Je me retrouve pour l'essentiel dans ce que vous dites, et j'aime que vous aimiez d'Arbaud mais aussi les écrivains originaires de Camargue (et votre remarque sur le remplacement de la langue locale par le provençal mistralien me touche car je considère les parlers de Lunel/Lunel Viel/Lansargues/St-Just comme de type cévenol, donc j'ai envie de les défendre et de les faire (re)connaître). Tout ça pour vous dire que l'équivalent de "l'occitan de référence" (celui qu'écrit Mme Verny), à savoir le provençal de Mistral, non merci dès qu'il prétend sortir de ses limites naturelles... En même temps, comment empêcher des Lunellois de vouloir étudier la langue de Mistral, et ensuite de la pratiquer?

Le problème est assez complexe, et je comprends qu'au PEN Club vous ayez nettoyé le terrain en admettant les deux graphies littéraires.

Bon, si moi je me prenais pour un écrivain et que je vous demande de m'inscrire au PEN comme "écrivain de langue cévenole", quelle serait votre réaction? Si pour vous cévenol=langue d'oc= occitan, ça ne devrait poser aucun problème. D'ailleurs, admettons un instant (on peut rêver!) que je sois un grand écrivain, considèreriez-vous que parce que j'ai une idéologie pluraliste (LES langues d'oc) je suis un ennemi de la littérature occitane ?

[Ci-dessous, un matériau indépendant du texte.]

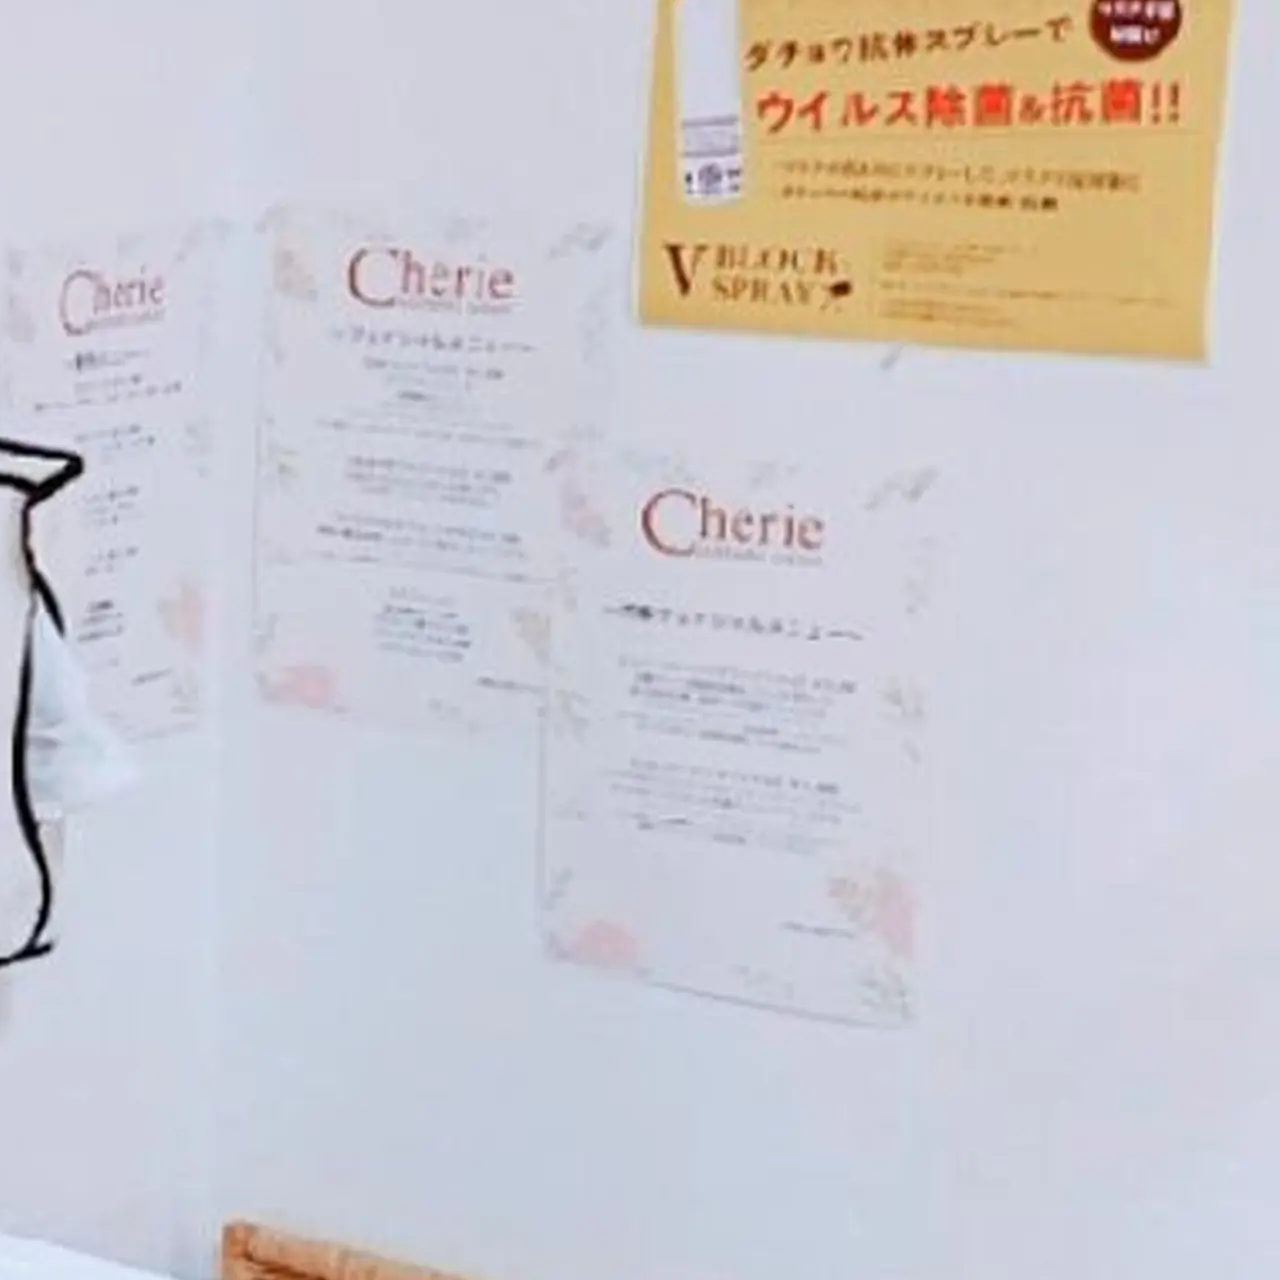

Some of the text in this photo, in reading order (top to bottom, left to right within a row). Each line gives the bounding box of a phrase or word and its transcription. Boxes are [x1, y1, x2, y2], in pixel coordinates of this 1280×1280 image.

Tout le travail (surtout édition/réédition de textes littéraires) que je fais au nom de "la littérature et de la langue cévenoles", ça ne vous servirait à rien, à vous? Ce serait frappé du sceau infamant du "politiquement incorrect"? Sur ce que vous dites ici, je pense bien que non, au contraire. Alors, pour en revenir au début, cette "unité" que vous Manifestez, n'est-elle pas évidente dans la littérature? Mistral (et dans sa graphie d'origine, svp!) n'est-il pas un formidable emblème pour la culture d'oc? Et Boudou (toujours dans sa graphie d'origine, et surtout pas en mistralien!) n'en est-il pas un autre ? (oui, je sais Marie-Jeanne, il était un peu stalinien lui aussi, mais "tendance historique" alors je lui pardonne tout!).

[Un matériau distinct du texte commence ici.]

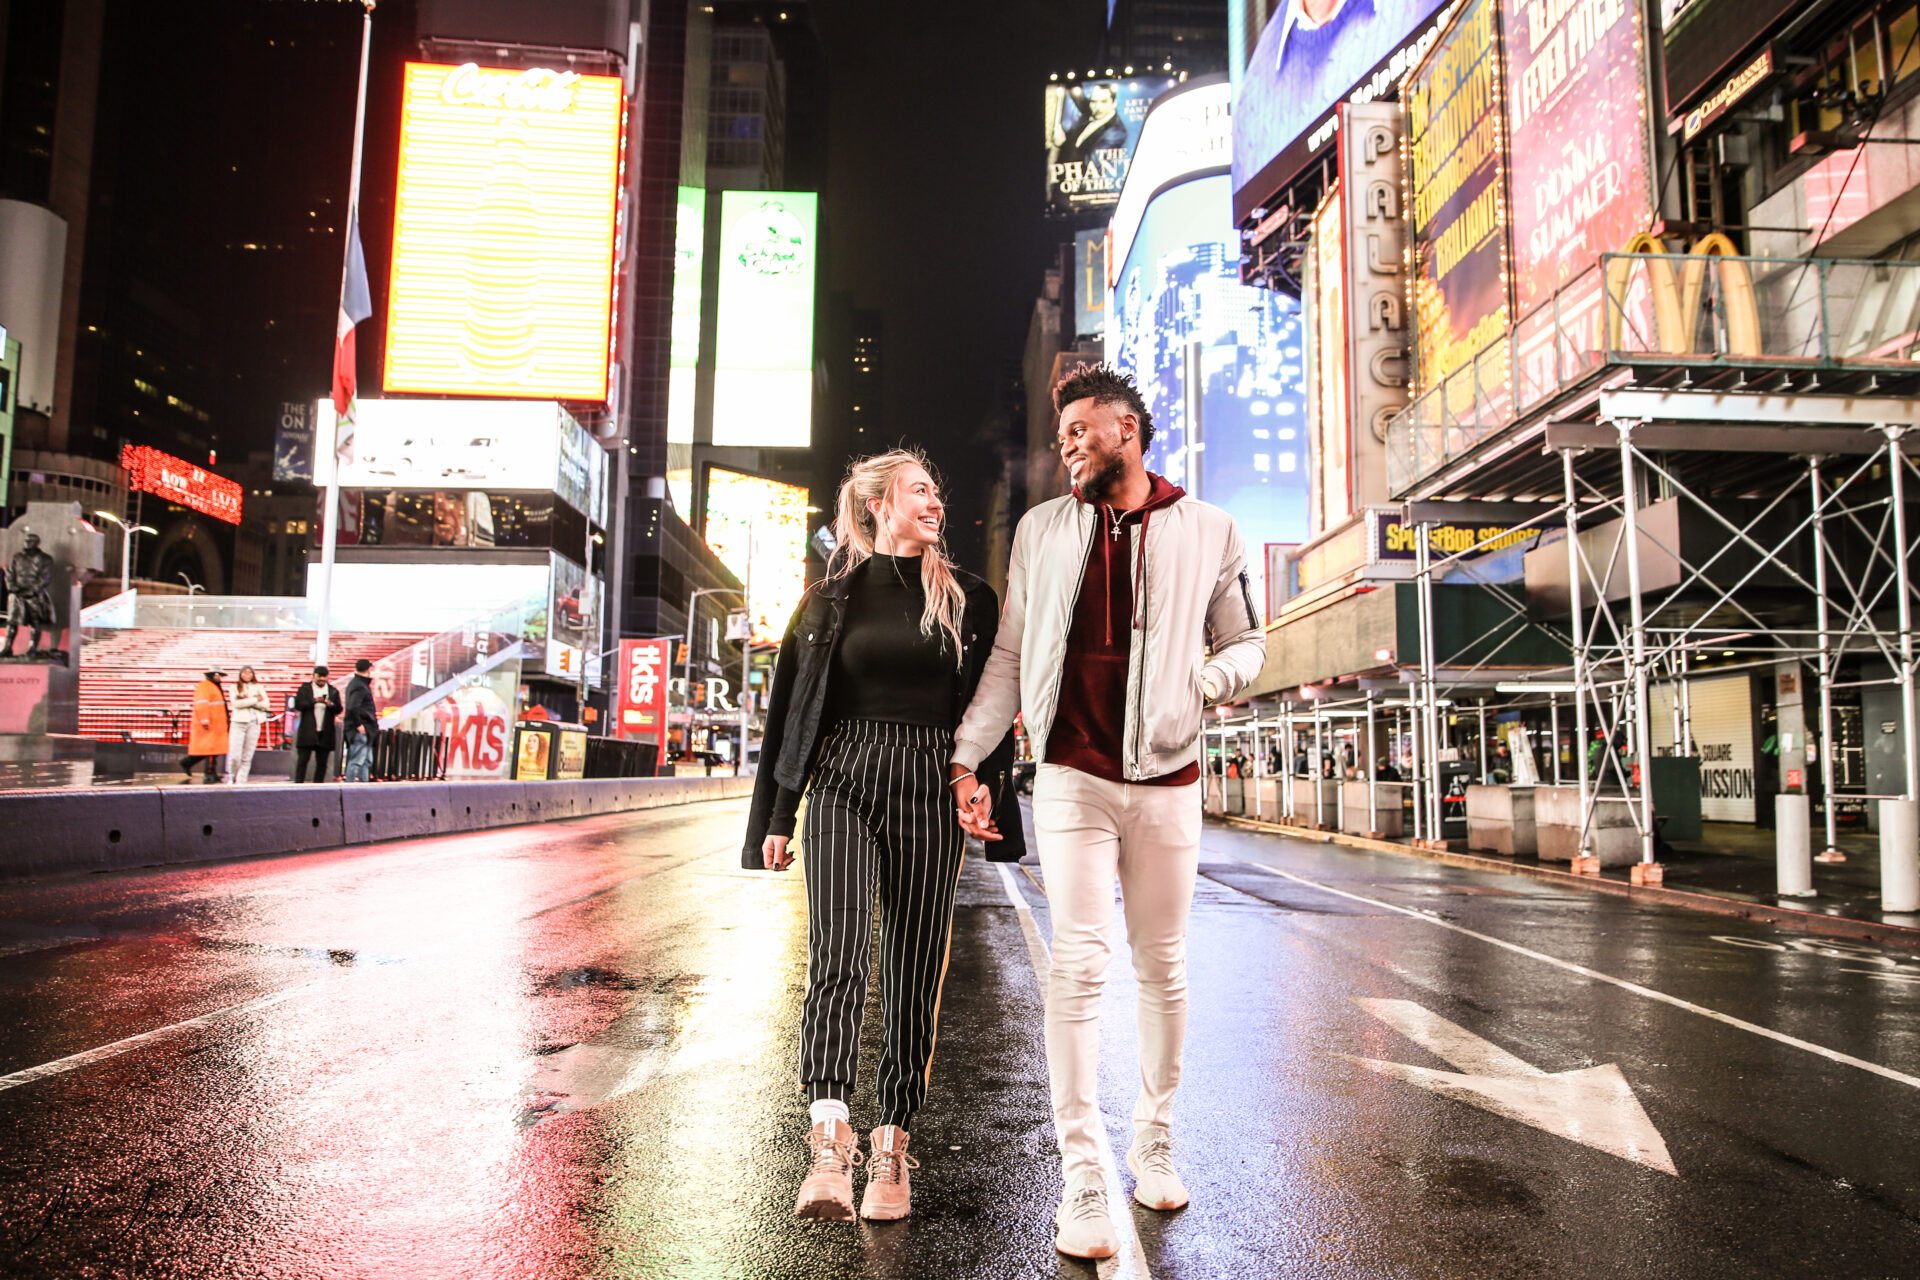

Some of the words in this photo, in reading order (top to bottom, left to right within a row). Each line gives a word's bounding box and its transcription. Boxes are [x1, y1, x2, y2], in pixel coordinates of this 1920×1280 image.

[1522, 27, 1568, 122] FEVER
[1411, 48, 1494, 194] BROADWAY
[1095, 148, 1129, 160] THE
[1535, 129, 1607, 222] DONNA
[1060, 180, 1081, 193] OF
[1083, 178, 1112, 191] THE
[1530, 161, 1621, 265] SUMMER
[283, 403, 306, 416] THE
[1386, 523, 1475, 552] SPOGEBOB
[630, 645, 661, 706] tkts
[705, 677, 739, 712] R
[434, 695, 506, 772] tkts
[1702, 744, 1732, 761] SQUARE

Si l'unité de langue existe, il est inutile voire nuisible de vouloir, même en pédagogie, changer une graphie parfaitement établie: la graphie fait partie du patrimoine. La pédagogie consiste alors à faire lire dans une graphie de base (mettons l'occitane en Languedoc, même si j'ai travaillé sur la mistralienne AUSSI et que ça marchait aussi bien) mais à introduire TRES TOT des textes (faciles au débit) dans l'autre graphie pour habituer l'apprenant et DESACRALISER la graphie: comme le dit Philippe, ben oui on a deux graphies, et alors? Si les Serbes et Croates se sont tapé dessus, ce n'est pas parce qu'ils écrivaient les uns en cyrillique et les autres en lettres latines: or ils savaient tous lire les deux systèmes, pourtant autrement différents que nos deux à nous !

Je me permets donc de continuer à condamner fermement une entreprise comme celle de OC-BEN!: à tout le moins, il fallait éditer les textes DANS LES 2 GRAPHIES, en indiquant quelle était celle de l'auteur, afin de la dignifier.

Car ce que vous dites, avec des paroles d'écrivain, de la beauté de la graphie et du sentiment qui s'y attache, croyez-vous que seuls les Provençaux et les Camargais l'éprouvent? Moi si je lisais Léontine GOIRAND et tous les félibres poètes dans une graphie non mistralienne, j'y perdrais beaucoup, et même l'essentiel. Quant à Boudou, je ne eeux même pas imaginer le lire (le relire, plutôt) autrement que dans sa graphie occitane, qui elle aussi est très belle entre ses mains.

On s'en sortira par la littérature, et chacun avec ses armes: se dire "occitan" ne changera pas un écrivaillon en génie littéraire, idem pour "provençal mistralien", idem pour "langue cévenole". Que chacun chez soi produise de la qualité, les vaches (vacos/vachos/bacos/bachos/vacas/vachas) seront bien gardées comme disait le Cévenol Florian.